AIDS activists launch urgent court action in Pretoria against health minister, MEC

Tamar Kahn

The Treatment Action Campaign (TAC) yesterday launched an urgent application in the Pretoria High Court against Mpumalanga Health MEC Sibongile Manana and Health Minister Manto Tshabalala-Msimang, in an attempt to use the courts to force Manana to widen access to the anti-HIV drug nevirapine in Mpumalanga. 

The AIDS activists allege that Manana failed to comply with the July Constitutional Court judgment ordering the provinces to scale up provision of nevirapine in public clinics and hospitals. 

Nevirapine reduces the likelihood of an HIV-positive pregnant woman passing the virus on to her unborn child. 

We hope this will make it clear to other provinces that haven't complied fully that if they don't get their house in order they will face court proceedings, said TAC attorney Geoff Budlender.

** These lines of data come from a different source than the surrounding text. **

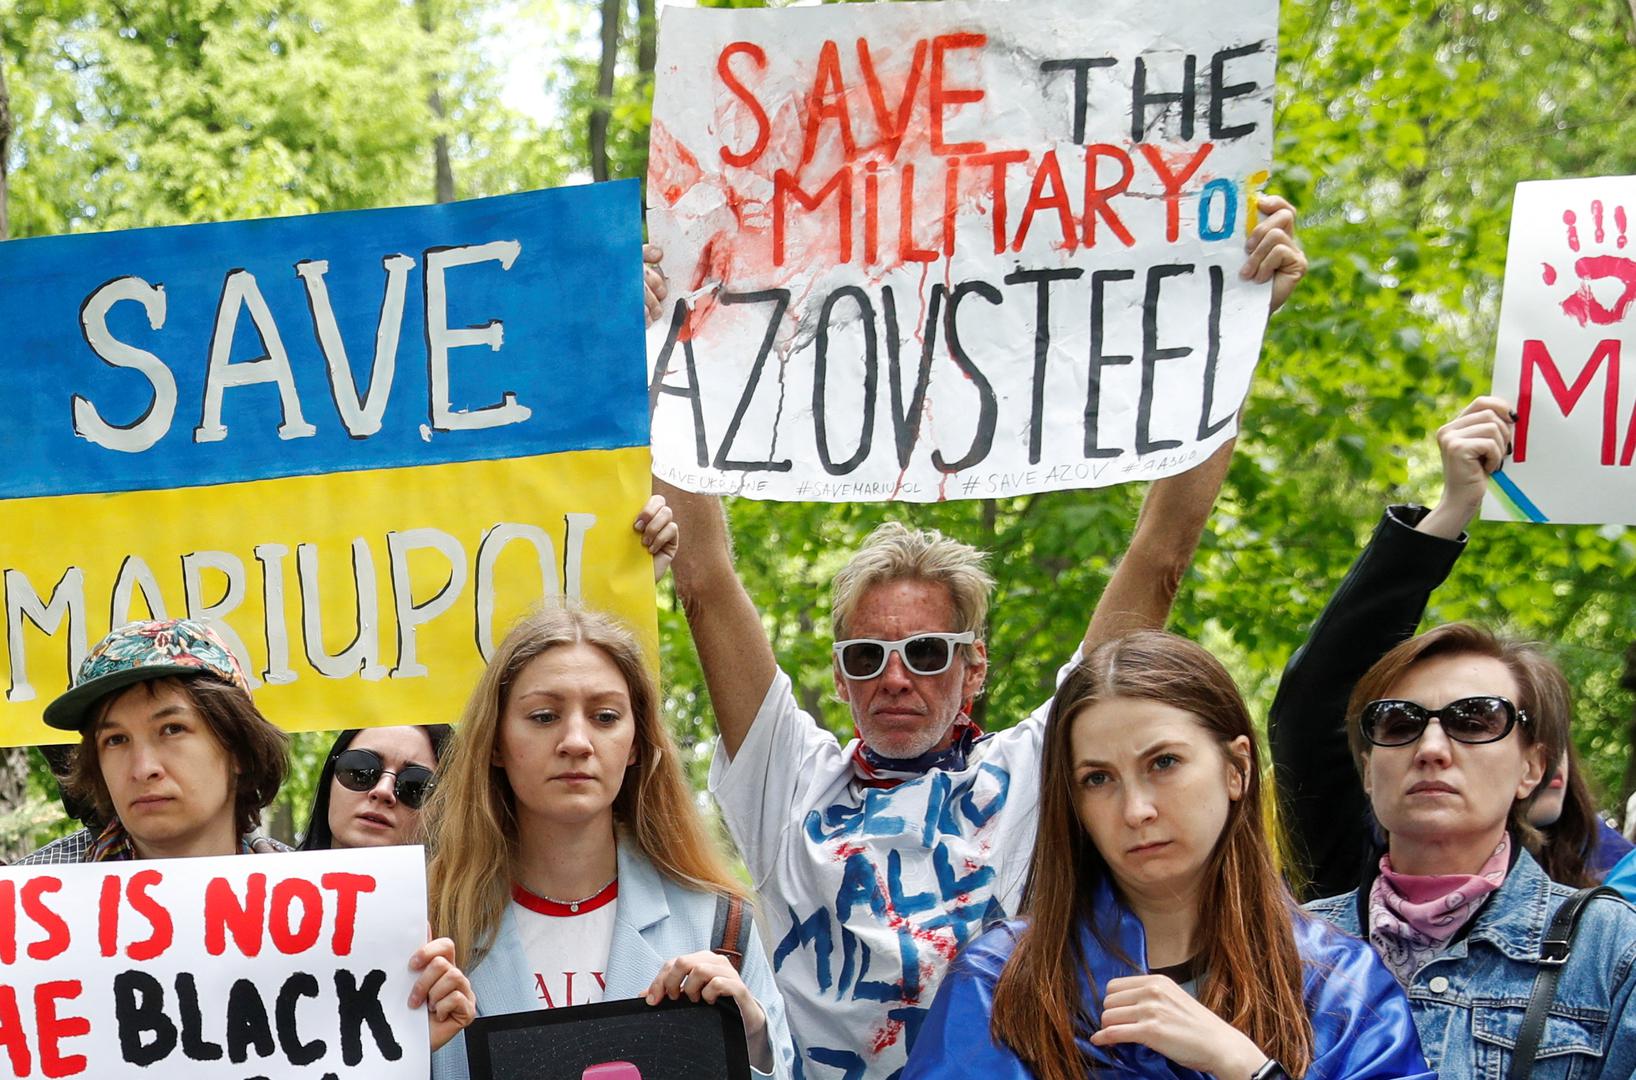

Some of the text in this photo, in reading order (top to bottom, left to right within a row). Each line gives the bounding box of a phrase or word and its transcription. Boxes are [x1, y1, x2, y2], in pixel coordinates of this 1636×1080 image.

[717, 32, 1272, 168] SAVE THE
[771, 143, 1213, 267] MILITARY
[72, 240, 532, 453] SAVE
[649, 264, 1236, 476] AZOVSTEEL
[99, 869, 174, 961] IS
[205, 872, 376, 957] NOT
[836, 842, 996, 924] ALL
[114, 968, 402, 1067] BLACK

He said that only KwaZulu-Natal, Gauteng and North West had demonstrated that they were complying with the Constitutional Court order. 

In papers filed yesterday in the Pretoria High Court, the TAC argues that Manana has breached the Constitutional Court judgment on three counts. 

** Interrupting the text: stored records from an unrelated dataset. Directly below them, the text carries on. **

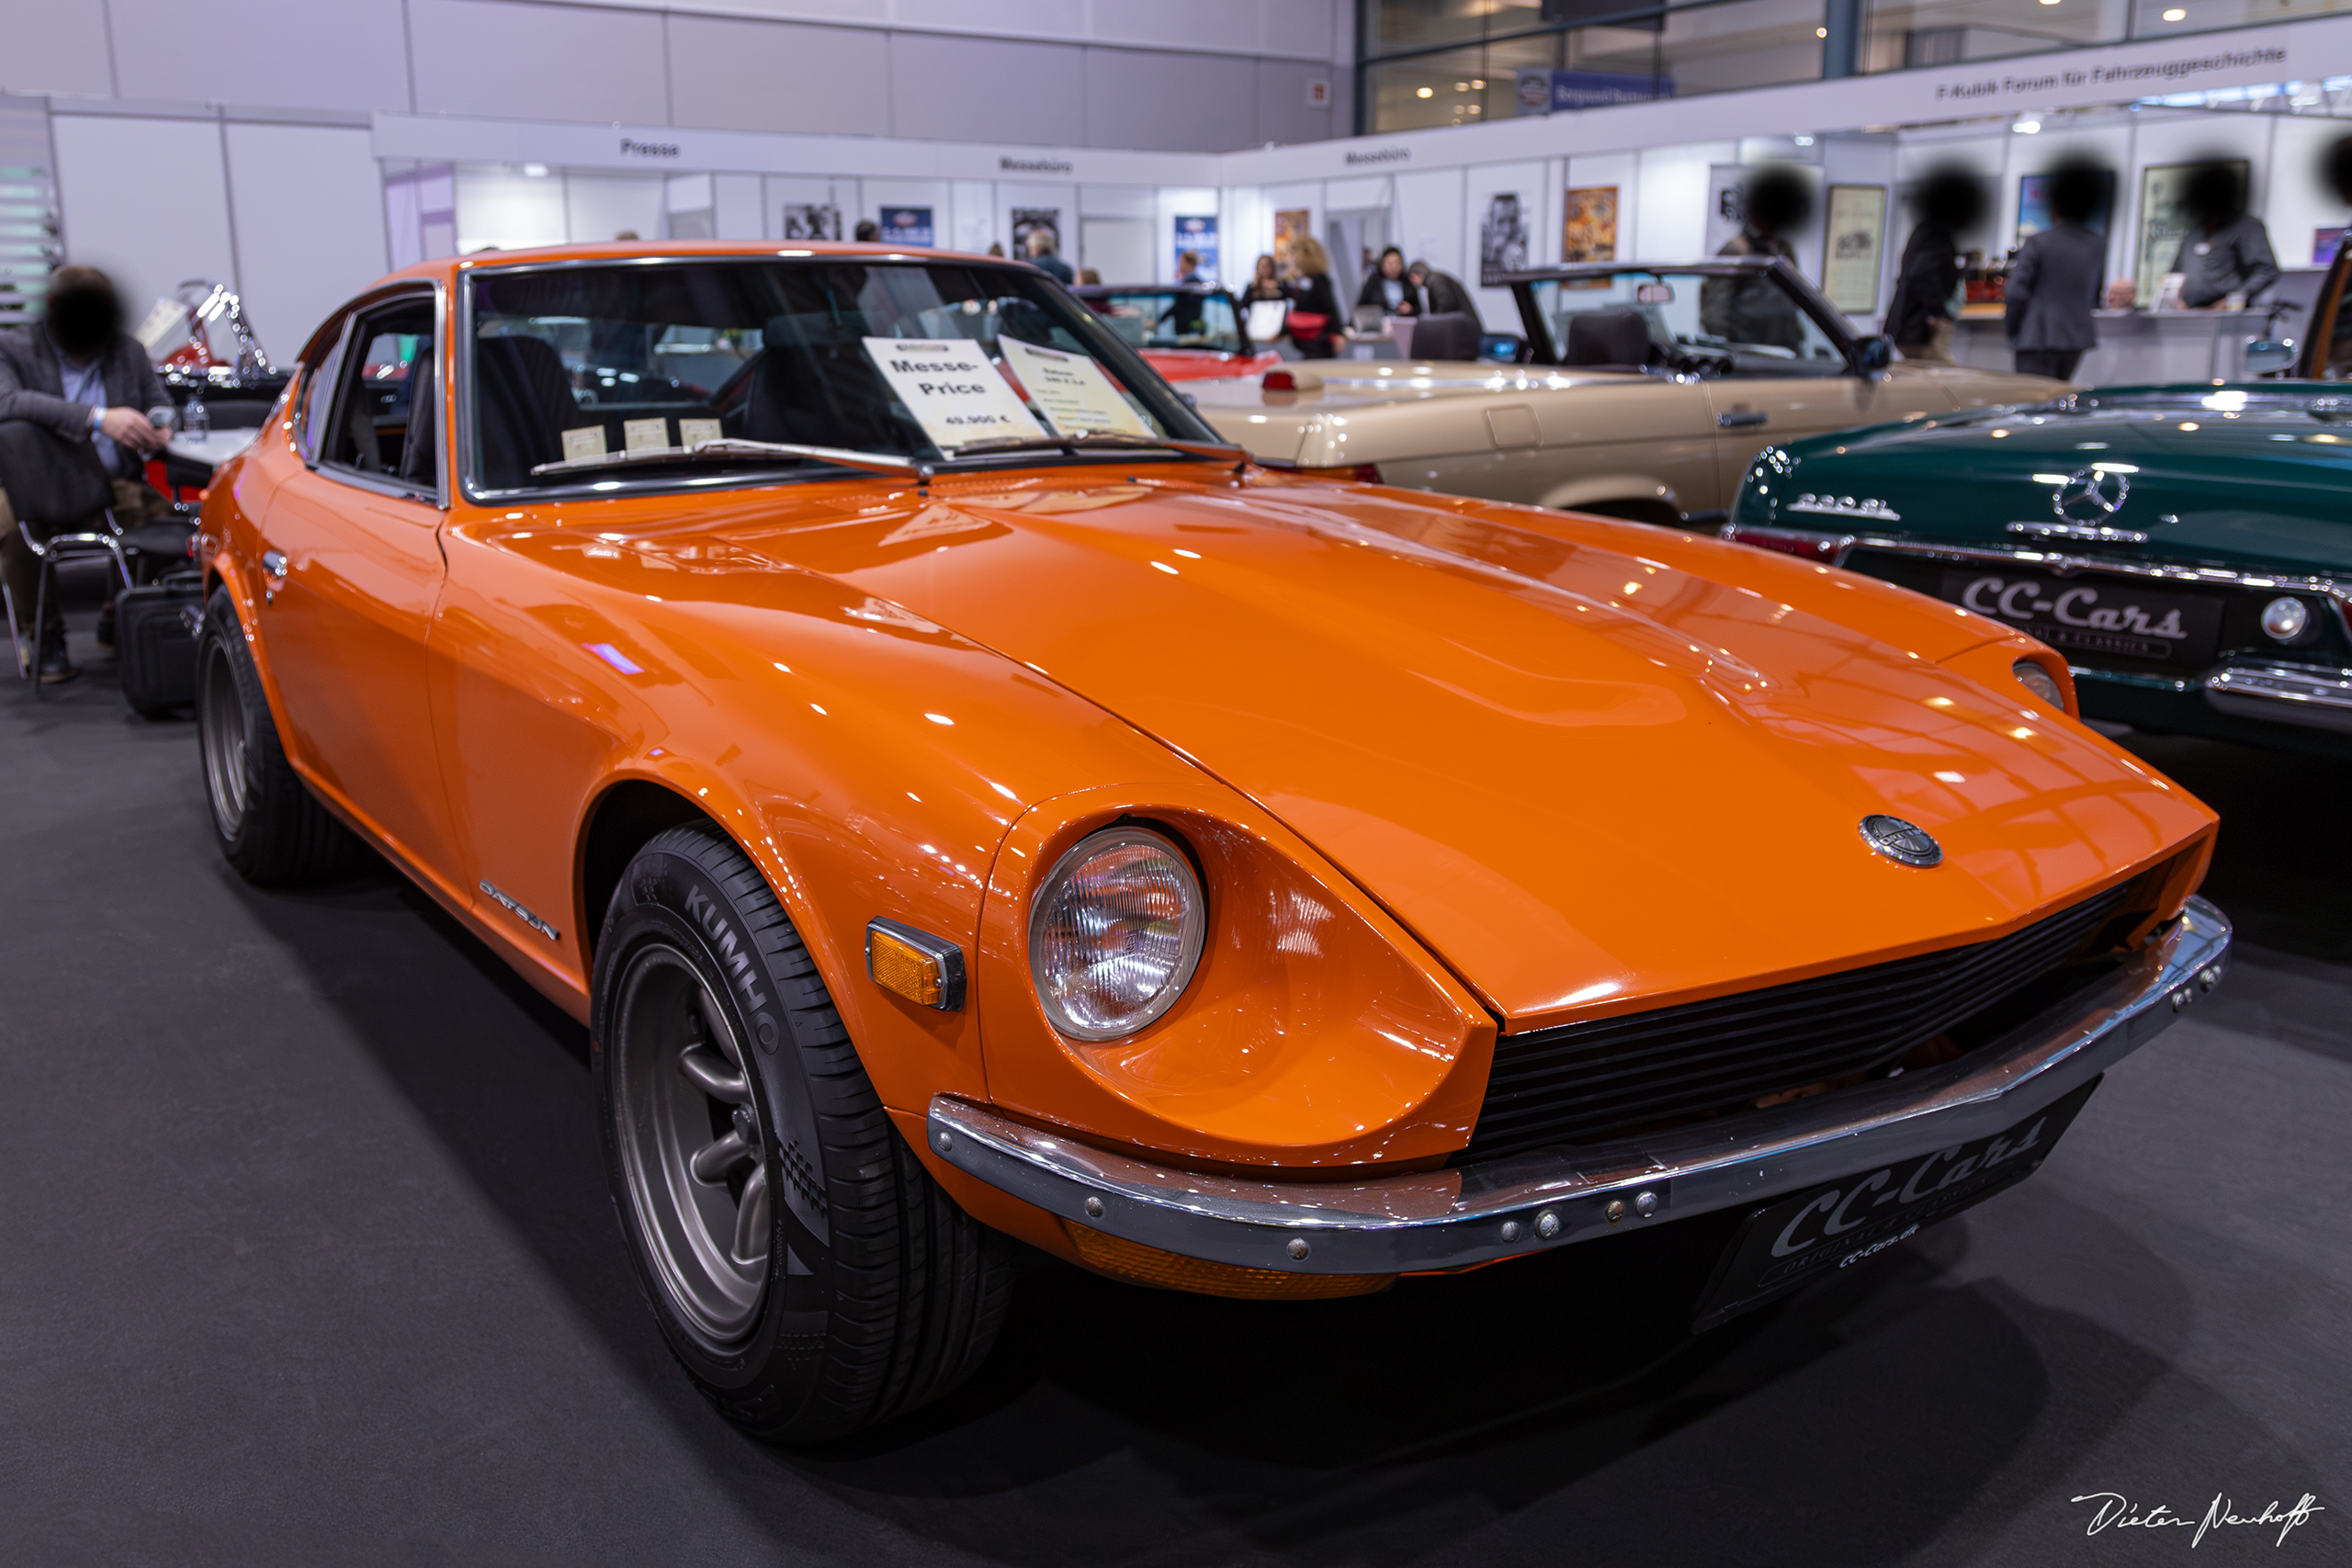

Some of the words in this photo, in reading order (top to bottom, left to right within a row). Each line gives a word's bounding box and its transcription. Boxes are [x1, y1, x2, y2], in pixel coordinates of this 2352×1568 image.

[2003, 74, 2058, 94] Forum
[2062, 71, 2086, 87] für
[2091, 47, 2288, 85] Fahrzeuggeschichte
[620, 139, 681, 159] Presse
[999, 155, 1073, 175] Messebüro
[1344, 147, 1412, 166] Messebüro
[889, 359, 979, 374] Messe-
[918, 381, 987, 396] Price
[1962, 577, 2188, 640] CC-Cars
[480, 878, 560, 941] DATSUN
[684, 885, 780, 1055] KUMHO
[1771, 1116, 2048, 1258] CC-Cars

According to the TAC, she had failed to provide full information on Mpumalanga's nevirapine programmes as requested by the organisation on behalf of users of the public health care system; she was still requiring hospitals and clinics to obtain permission from the provincial health department to provide nevirapine, despite the Constitutional Court declaring that such decisions lay in the hands of the medical personnel working in the facilities; and finally the provincial health department had failed to expand the provision of nevirapine beyond its two pilot sites, comprised of two public hospitals and 12 clinics, despite having the resources to do so. 

Budlender said the TAC's application to the Pretoria High Court sought an order compelling Manana to provide the information, which would also be used to support a further application for a contempt of court order against her. 

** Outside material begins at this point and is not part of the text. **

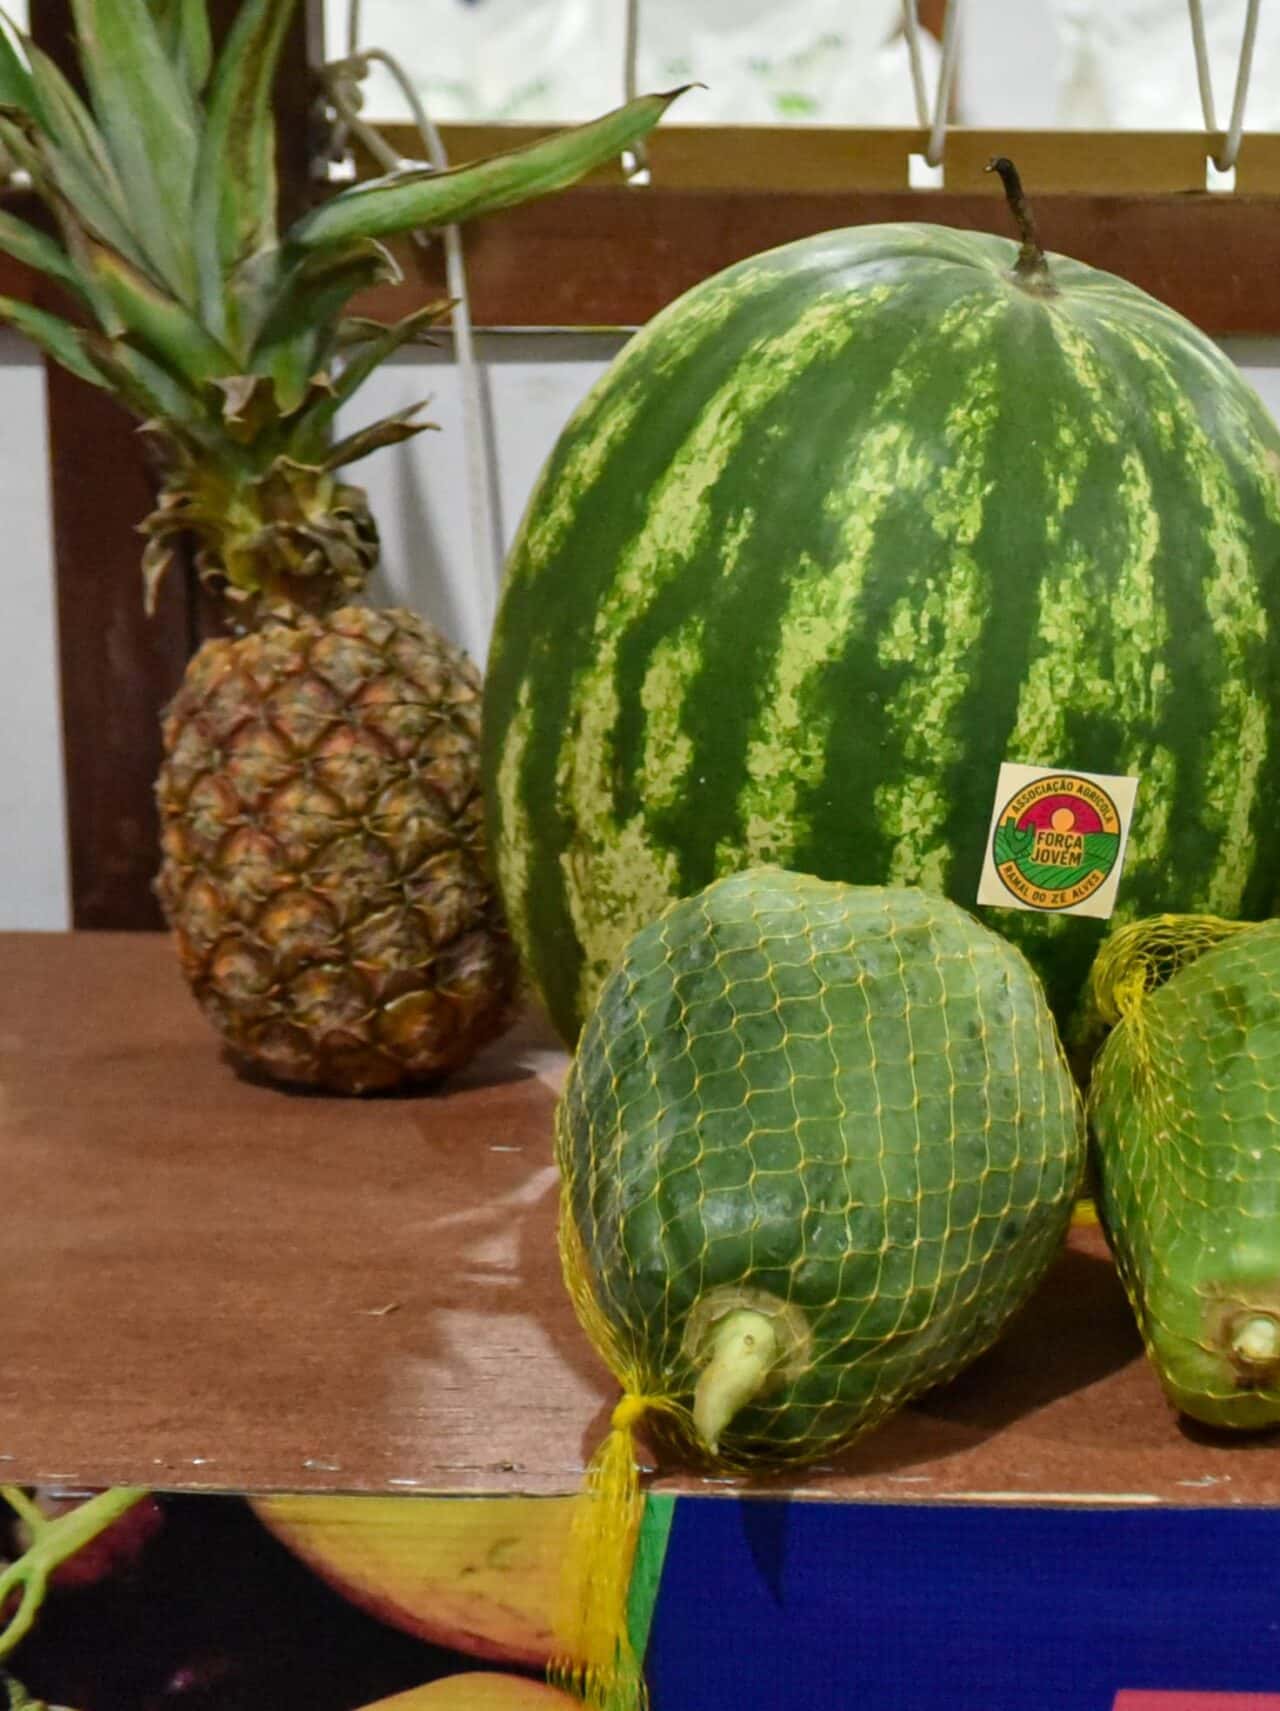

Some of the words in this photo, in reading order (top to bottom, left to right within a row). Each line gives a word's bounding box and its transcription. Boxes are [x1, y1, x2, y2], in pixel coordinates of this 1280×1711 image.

Tshabalala-Msimang was joined as a party to the case, he said, because as the health minister she had a constitutional duty to ensure the provinces carried out their duties. 

We say she hasn't done enough. She can make formal demands on them, she can sue them herself, and in extreme cases she can take over their functions. She will have to state (in court) what she has done, said Budlender. 

Spokeswoman for the health department Jo-Anne Collinge said as the health minister was at the African National Congress national conference she had not yet had access to the court documents, and therefore could not indicate what her response was likely to be.(Source: Business Day , Dec 18 2002)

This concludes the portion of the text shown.